● **THE TASK**: Your copy should hold every record exactly and no images.

● **EXTRACTED ENTRIES**:

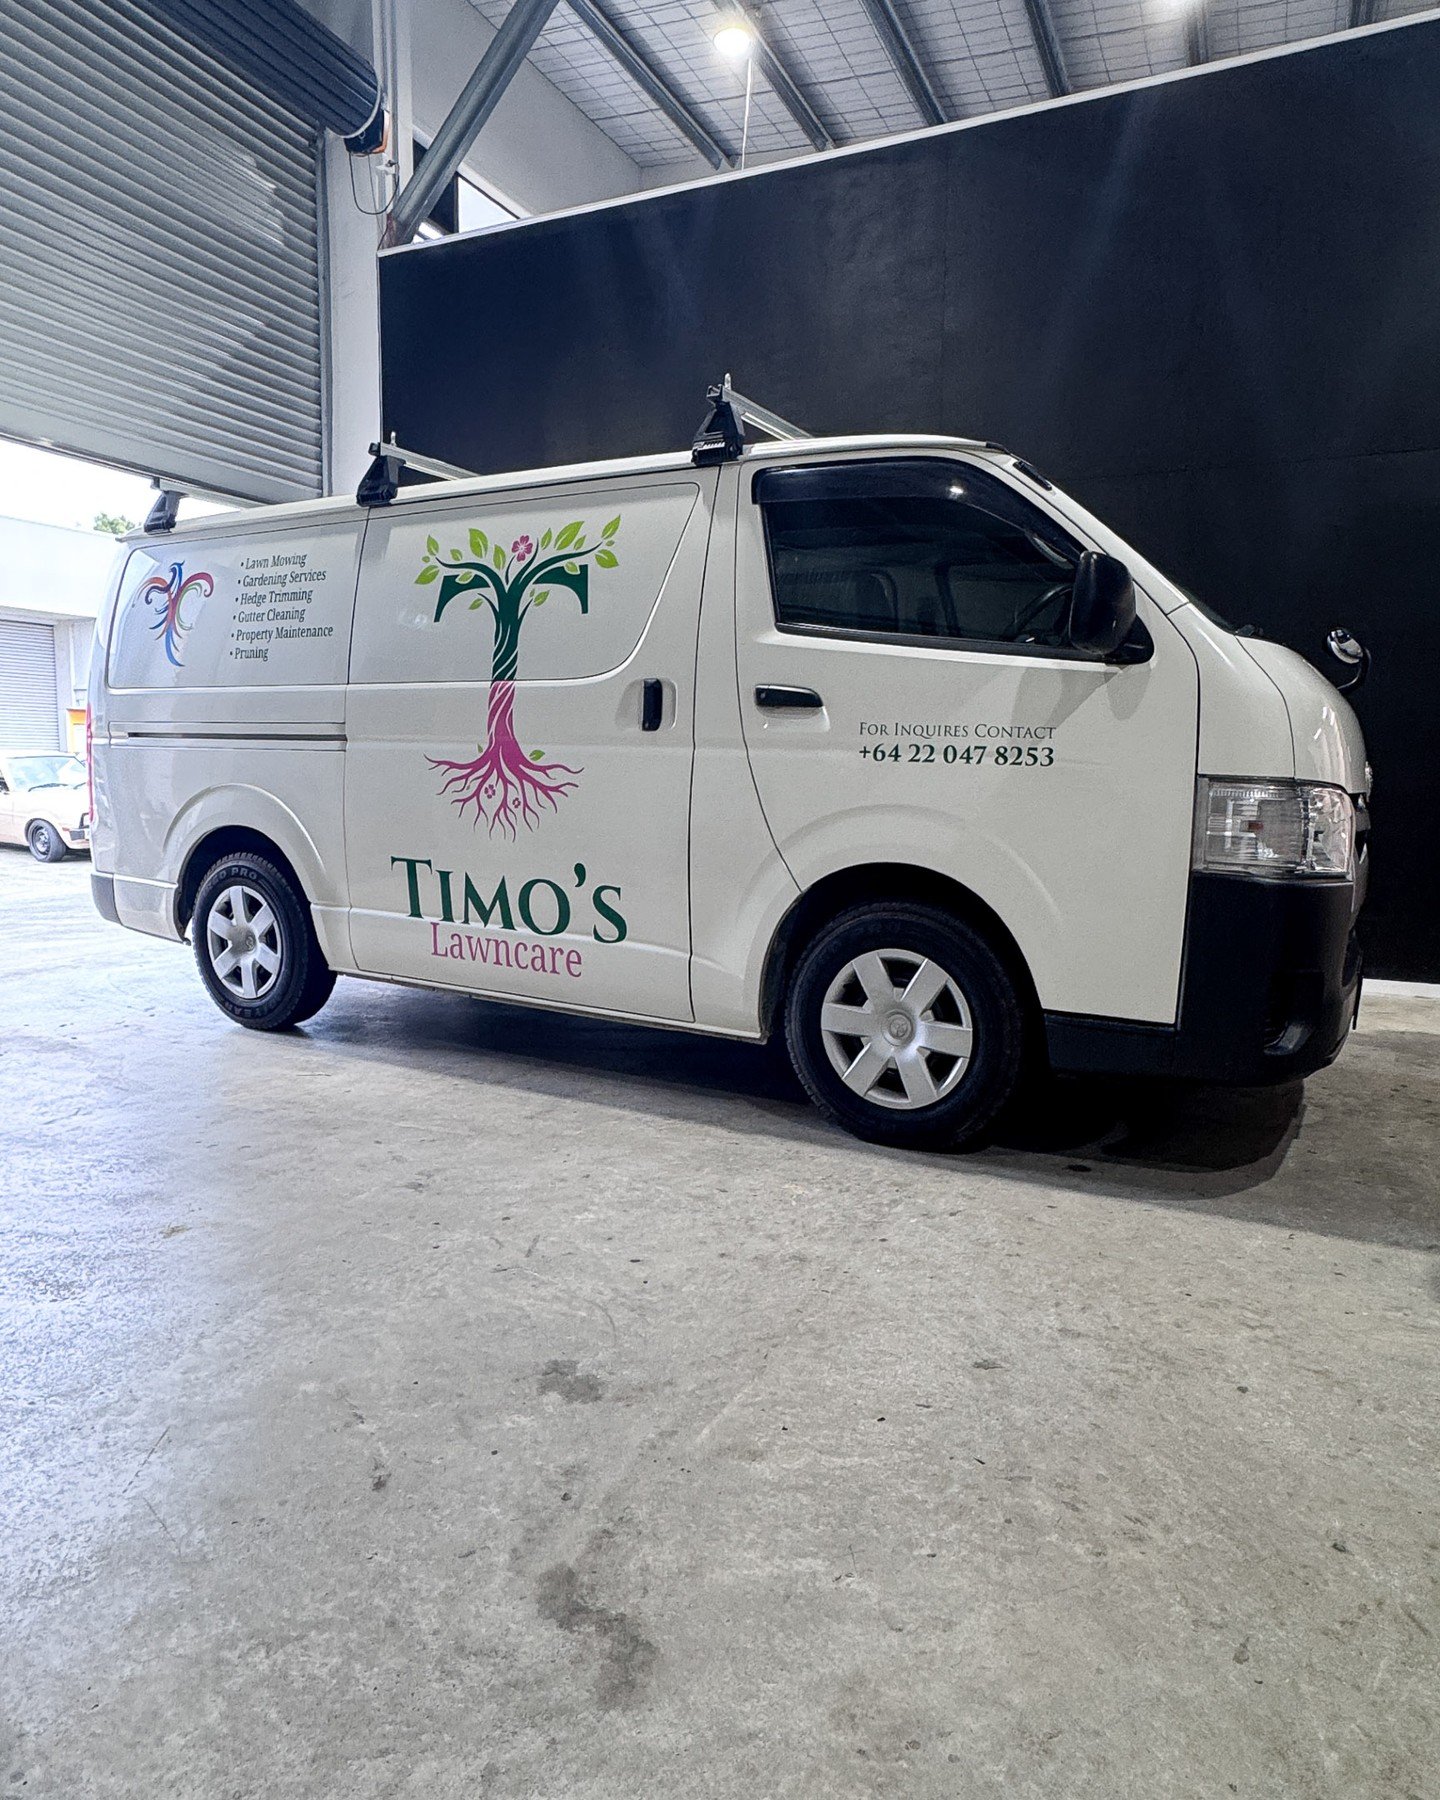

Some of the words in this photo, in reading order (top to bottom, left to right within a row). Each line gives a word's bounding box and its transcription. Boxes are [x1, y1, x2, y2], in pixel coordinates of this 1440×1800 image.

[245, 558, 269, 570] Lawn
[271, 553, 308, 568] Mowing
[243, 572, 288, 587] Gardening
[289, 569, 327, 583] Services
[240, 592, 267, 607] Hedge
[269, 588, 313, 604] Trimming
[238, 611, 266, 623] Gutter
[267, 607, 306, 623] Cleaning
[236, 629, 274, 644] Property
[275, 625, 334, 640] Maintenance
[234, 647, 269, 662] Pruning
[859, 722, 889, 736] FOR
[894, 723, 969, 740] INQUIRES
[974, 723, 1057, 740] CONTACT
[859, 742, 902, 762] +64
[907, 743, 936, 763] 22
[942, 744, 988, 765] 047
[993, 745, 1055, 767] 8253
[390, 855, 628, 944] TIMO'S
[430, 921, 583, 978] Lawncare

● **SOLUTION TO THE PROBLEM**:
Some of the words in this photo, in reading order (top to bottom, left to right within a row). Each line gives a word's bounding box and its transcription. Boxes are [x1, y1, x2, y2], in pixel coordinates of this 1440×1800 image.

[245, 558, 269, 570] Lawn
[271, 553, 308, 568] Mowing
[243, 572, 288, 587] Gardening
[289, 569, 327, 583] Services
[240, 592, 267, 607] Hedge
[269, 588, 313, 604] Trimming
[238, 611, 266, 623] Gutter
[267, 607, 306, 623] Cleaning
[236, 629, 274, 644] Property
[275, 625, 334, 640] Maintenance
[234, 647, 269, 662] Pruning
[859, 722, 889, 736] FOR
[894, 723, 969, 740] INQUIRES
[974, 723, 1057, 740] CONTACT
[859, 742, 902, 762] +64
[907, 743, 936, 763] 22
[942, 744, 988, 765] 047
[993, 745, 1055, 767] 8253
[390, 855, 628, 944] TIMO'S
[430, 921, 583, 978] Lawncare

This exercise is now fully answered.